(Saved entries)
:::::

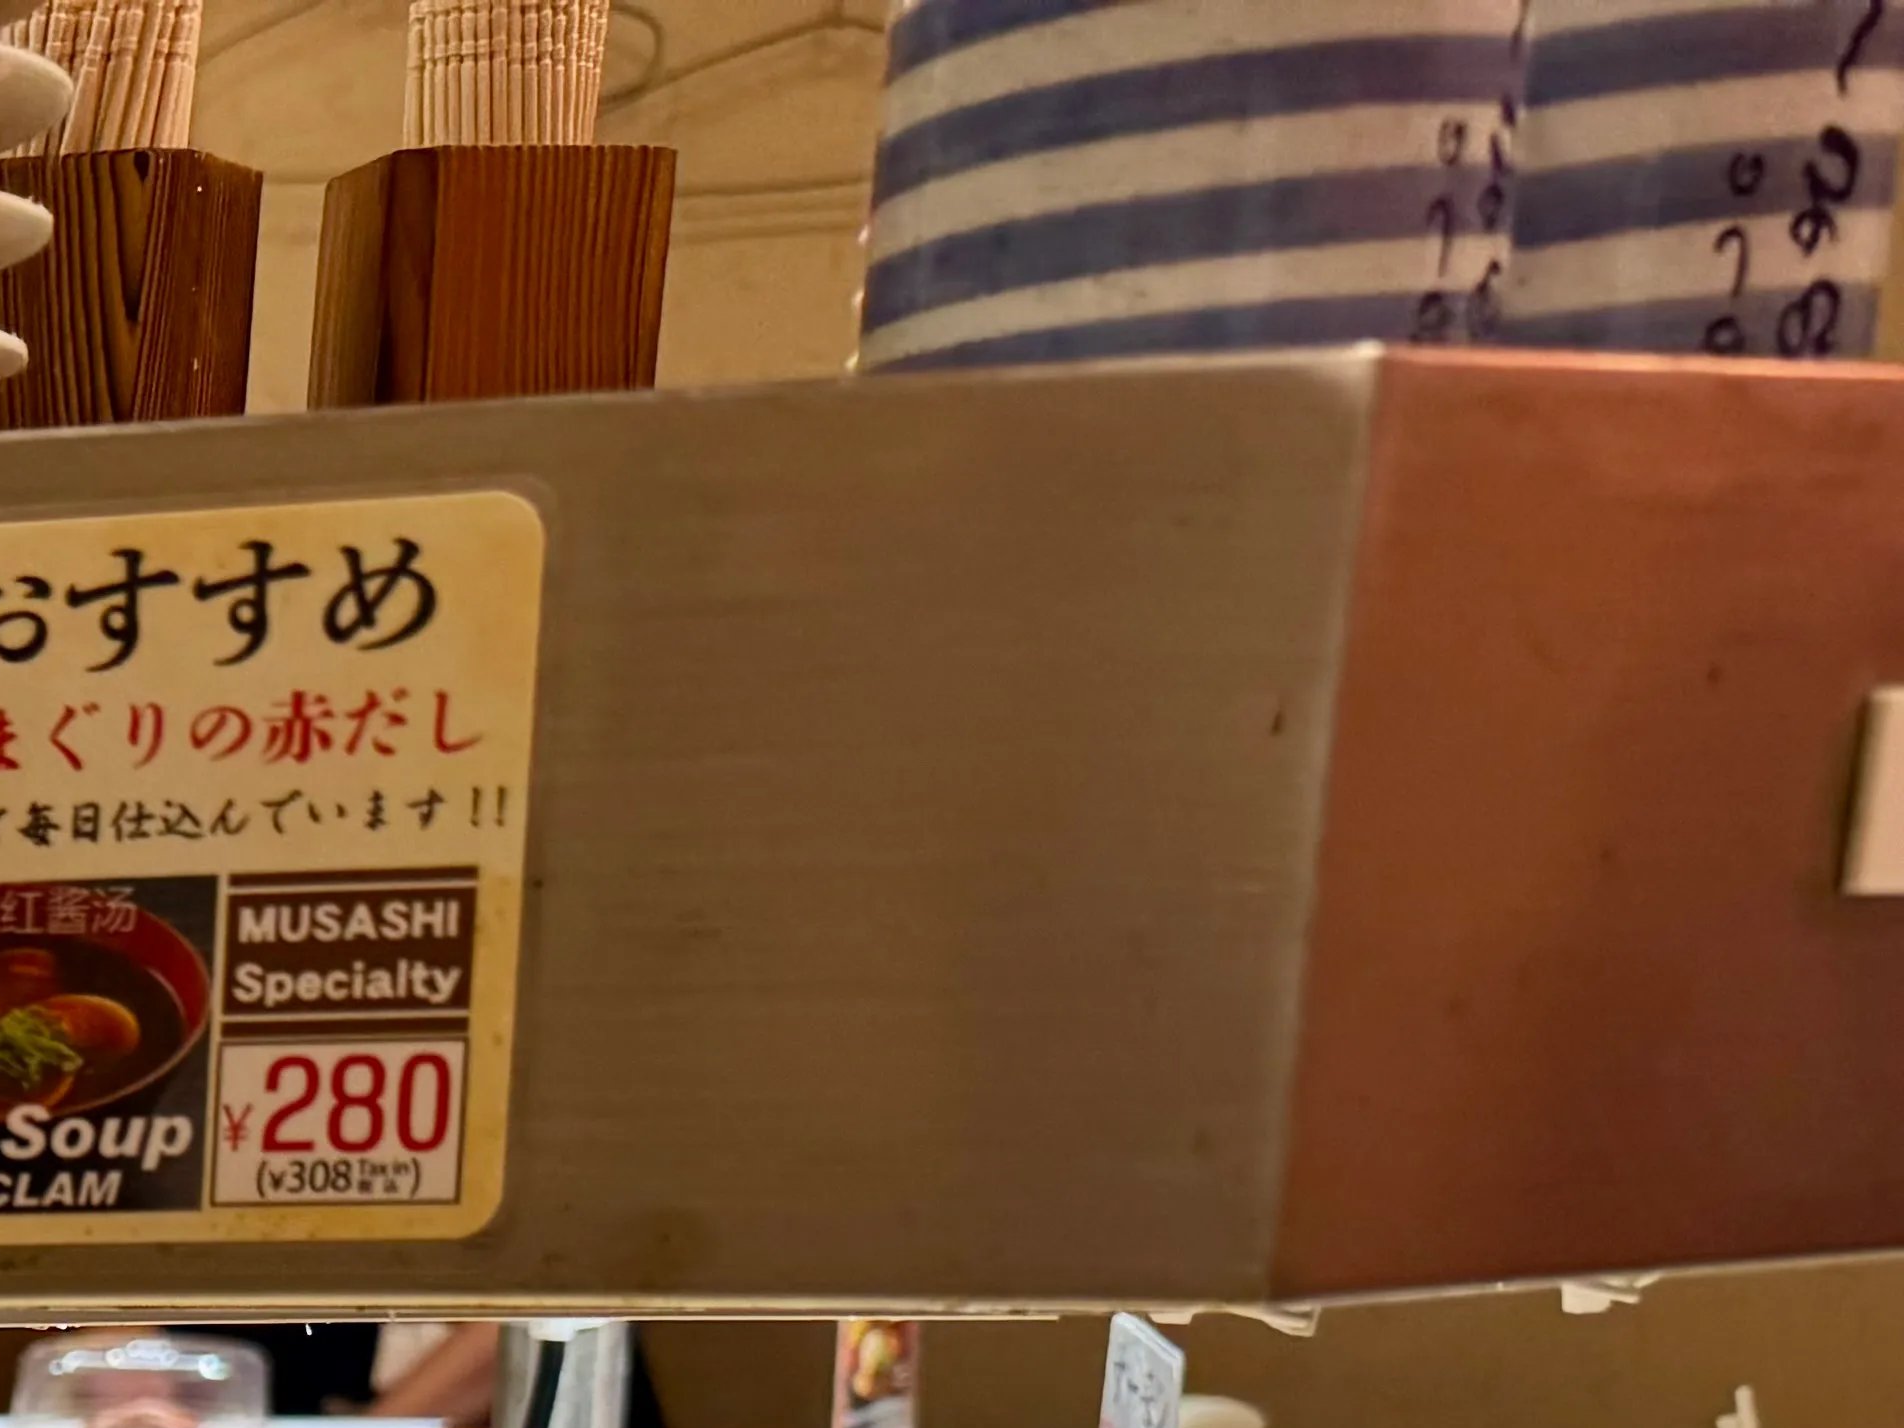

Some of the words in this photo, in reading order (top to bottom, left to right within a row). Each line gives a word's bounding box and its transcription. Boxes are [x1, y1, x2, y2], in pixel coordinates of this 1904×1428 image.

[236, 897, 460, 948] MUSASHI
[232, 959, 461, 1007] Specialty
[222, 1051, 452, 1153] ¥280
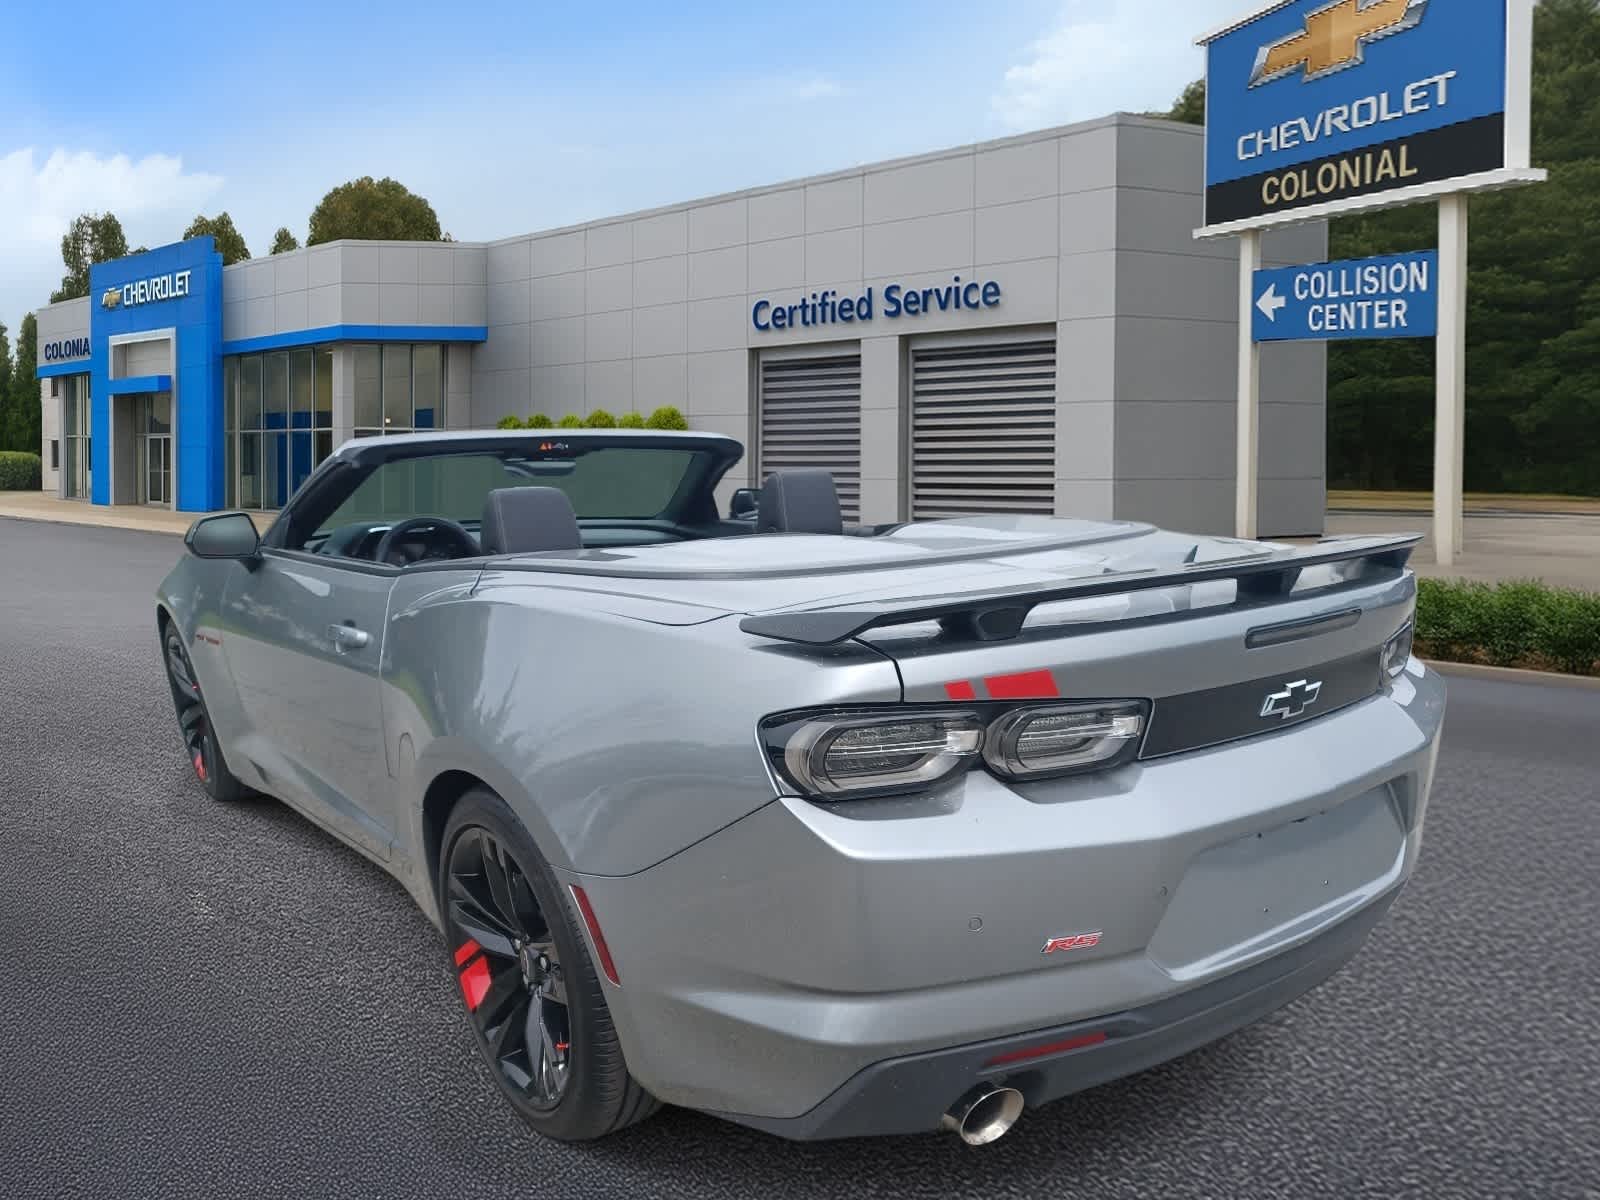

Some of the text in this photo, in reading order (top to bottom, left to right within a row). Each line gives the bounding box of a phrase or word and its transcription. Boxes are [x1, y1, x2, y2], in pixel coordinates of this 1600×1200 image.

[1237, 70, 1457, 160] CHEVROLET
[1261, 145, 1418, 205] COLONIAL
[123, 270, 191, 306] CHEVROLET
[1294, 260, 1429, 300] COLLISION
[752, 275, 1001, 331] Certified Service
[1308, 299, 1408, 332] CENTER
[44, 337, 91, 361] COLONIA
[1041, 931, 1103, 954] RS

:::::

Reproduce each entry exactly, without the pictures.

Some of the words in this photo, in reading order (top to bottom, left to right within a row). Each line gives a word's bounding box and its transcription. Boxes are [x1, y1, x2, y2], in pixel coordinates of this 1904×1428 image.

[236, 897, 460, 948] MUSASHI
[232, 959, 461, 1007] Specialty
[222, 1051, 452, 1153] ¥280

Some of the text in this photo, in reading order (top to bottom, left to right within a row). Each line gives the bounding box of a phrase or word and its transcription. Boxes are [x1, y1, x2, y2], in pixel coordinates of this 1600×1200 image.

[1237, 70, 1457, 160] CHEVROLET
[1261, 145, 1418, 205] COLONIAL
[123, 270, 191, 306] CHEVROLET
[1294, 260, 1429, 300] COLLISION
[752, 275, 1001, 331] Certified Service
[1308, 299, 1408, 332] CENTER
[44, 337, 91, 361] COLONIA
[1041, 931, 1103, 954] RS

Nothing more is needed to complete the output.